Sometimes I wonder why anybody bothers to get up in the morning.  What drives them is necessity much of the time: they have to get up to go to the bathroom, or to eat; or to work, in order to eat; or to keep a roof over their miserable heads.  It is the curse of Adam tugging them and me out of bed, plain and simple.  On better mornings, I think maybe there really is a key we should learn about. 

Happy people add a morsel more to life and living called hope.  Dour people find it on occasion to survive, but on any given day anyone can actually get an added measure from the inexhaustible store.  Hope seems planted in the human heart just to keep it beating.  Hope against hope as it were, for hope springs eternal; and hope is the last thing to be extinguished; and hope is that part of the human spirit that wants to live not die.  Hope is I guess, not an entirely rational thing. 

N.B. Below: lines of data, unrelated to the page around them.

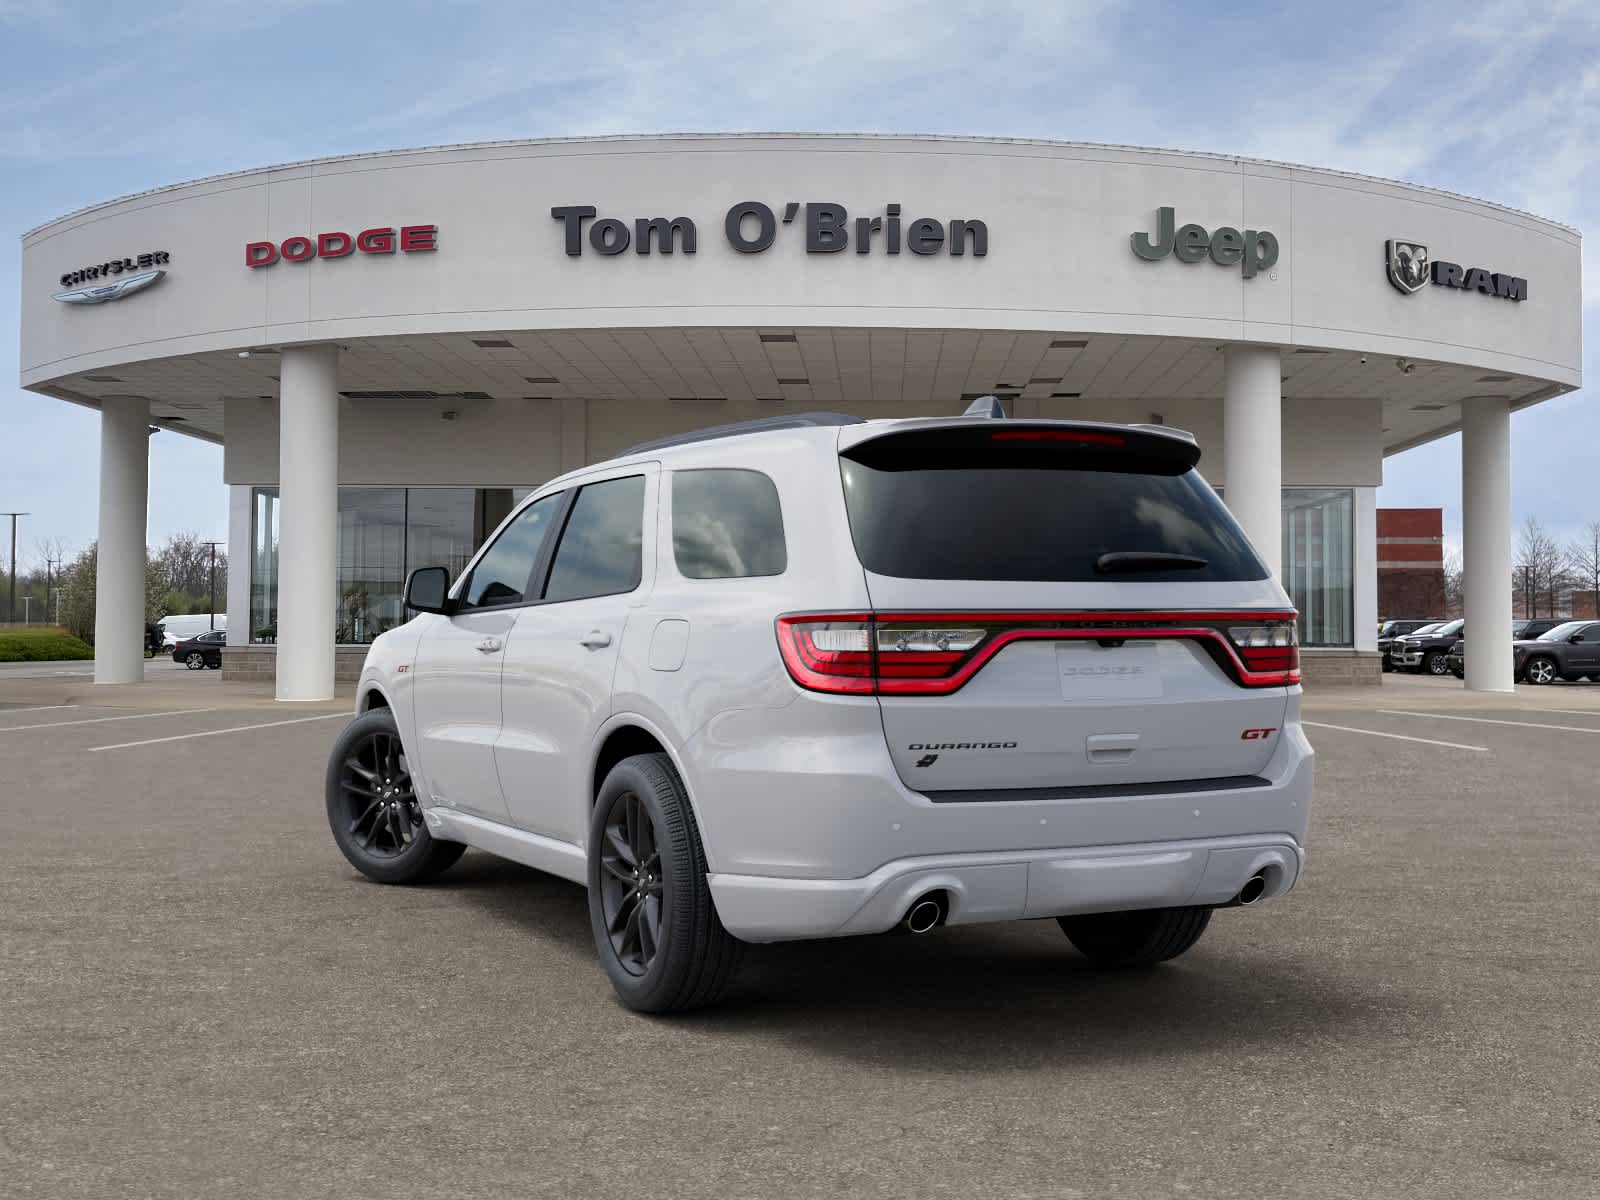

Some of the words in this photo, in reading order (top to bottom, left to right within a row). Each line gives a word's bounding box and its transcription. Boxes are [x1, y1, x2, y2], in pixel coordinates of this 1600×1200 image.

[245, 224, 438, 269] DODGE
[551, 205, 697, 256] Tom
[1130, 207, 1280, 279] Jeep
[60, 250, 170, 287] CHRYSLER
[1430, 260, 1528, 302] RAM
[397, 664, 410, 673] GT
[908, 741, 1019, 751] DURANGO
[1241, 727, 1278, 741] GT

Hope is a feeling that what is wanted will happen; and hope is also defined as the object of that feeling.  Happy people get up with a healthy measure, an expectation or anticipation that something good or better is going to happen to them!  It’s like looking forward to the mailman despite junk mail and bills, because there might be a check, an offer, or a package from Grandmother.  Hope is rose-colored too, I suppose. 

Hope is also integral to, and results from a person’s worldview.  If one has confidence in one’s own abilities and/or trusts in others, there is cause for hope and hope’s cousin optimism.  An archaic meaning of hope is trust or reliance.  “I hope” in this sense, means “I trust” or “I rely.”  This sense brings the definition close to faith, meaning complete trust, confidence or reliance; as well as loyalty and allegiance. 

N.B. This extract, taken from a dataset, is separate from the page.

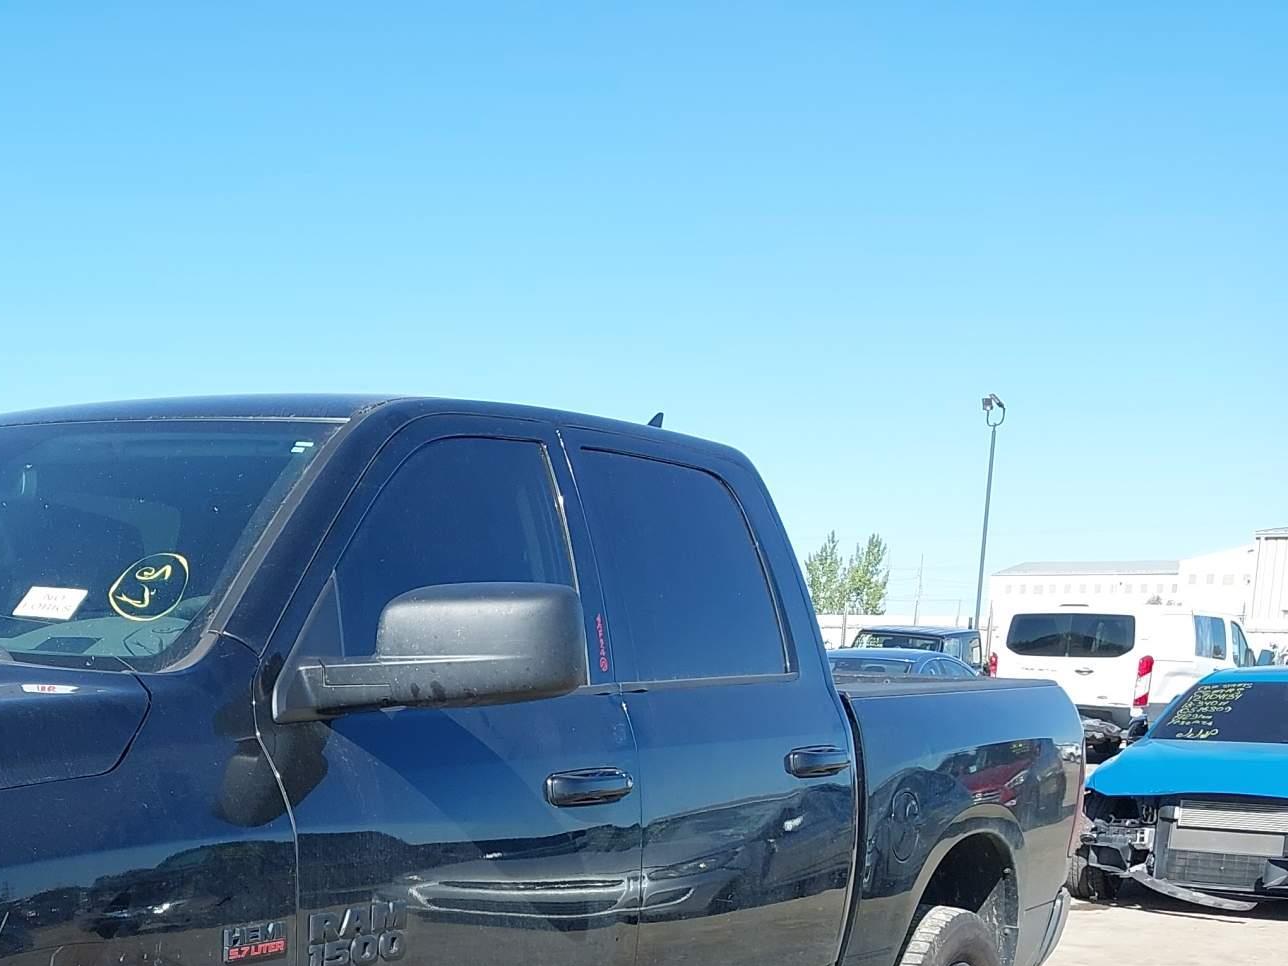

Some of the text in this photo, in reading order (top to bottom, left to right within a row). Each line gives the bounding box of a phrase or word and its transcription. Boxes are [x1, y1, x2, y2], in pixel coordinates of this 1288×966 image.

[308, 899, 408, 942] RAM
[223, 921, 286, 947] HEMI
[228, 940, 285, 960] 5.7 LITER

The little-engine-that-could thought he could, and did.  He made up his mind and then made it up the hill.  If one has confidence in one’s environment, in the relative safety, justice and predictability of surroundings, one pretty much goes about the business of working and raising a family to improve upon a given situation or “lot” so to speak.  Whereas, the opposite environment drives folks to take up defensive postures and counterattack constantly, figuratively and literally.  Thus governments help foster hope or hope’s opposite, despair.  It isn’t a stretch to say that Americans are more hopeful as a rule than, say, Burmese or Zimbabweans and probably still will be, even after our own elections. 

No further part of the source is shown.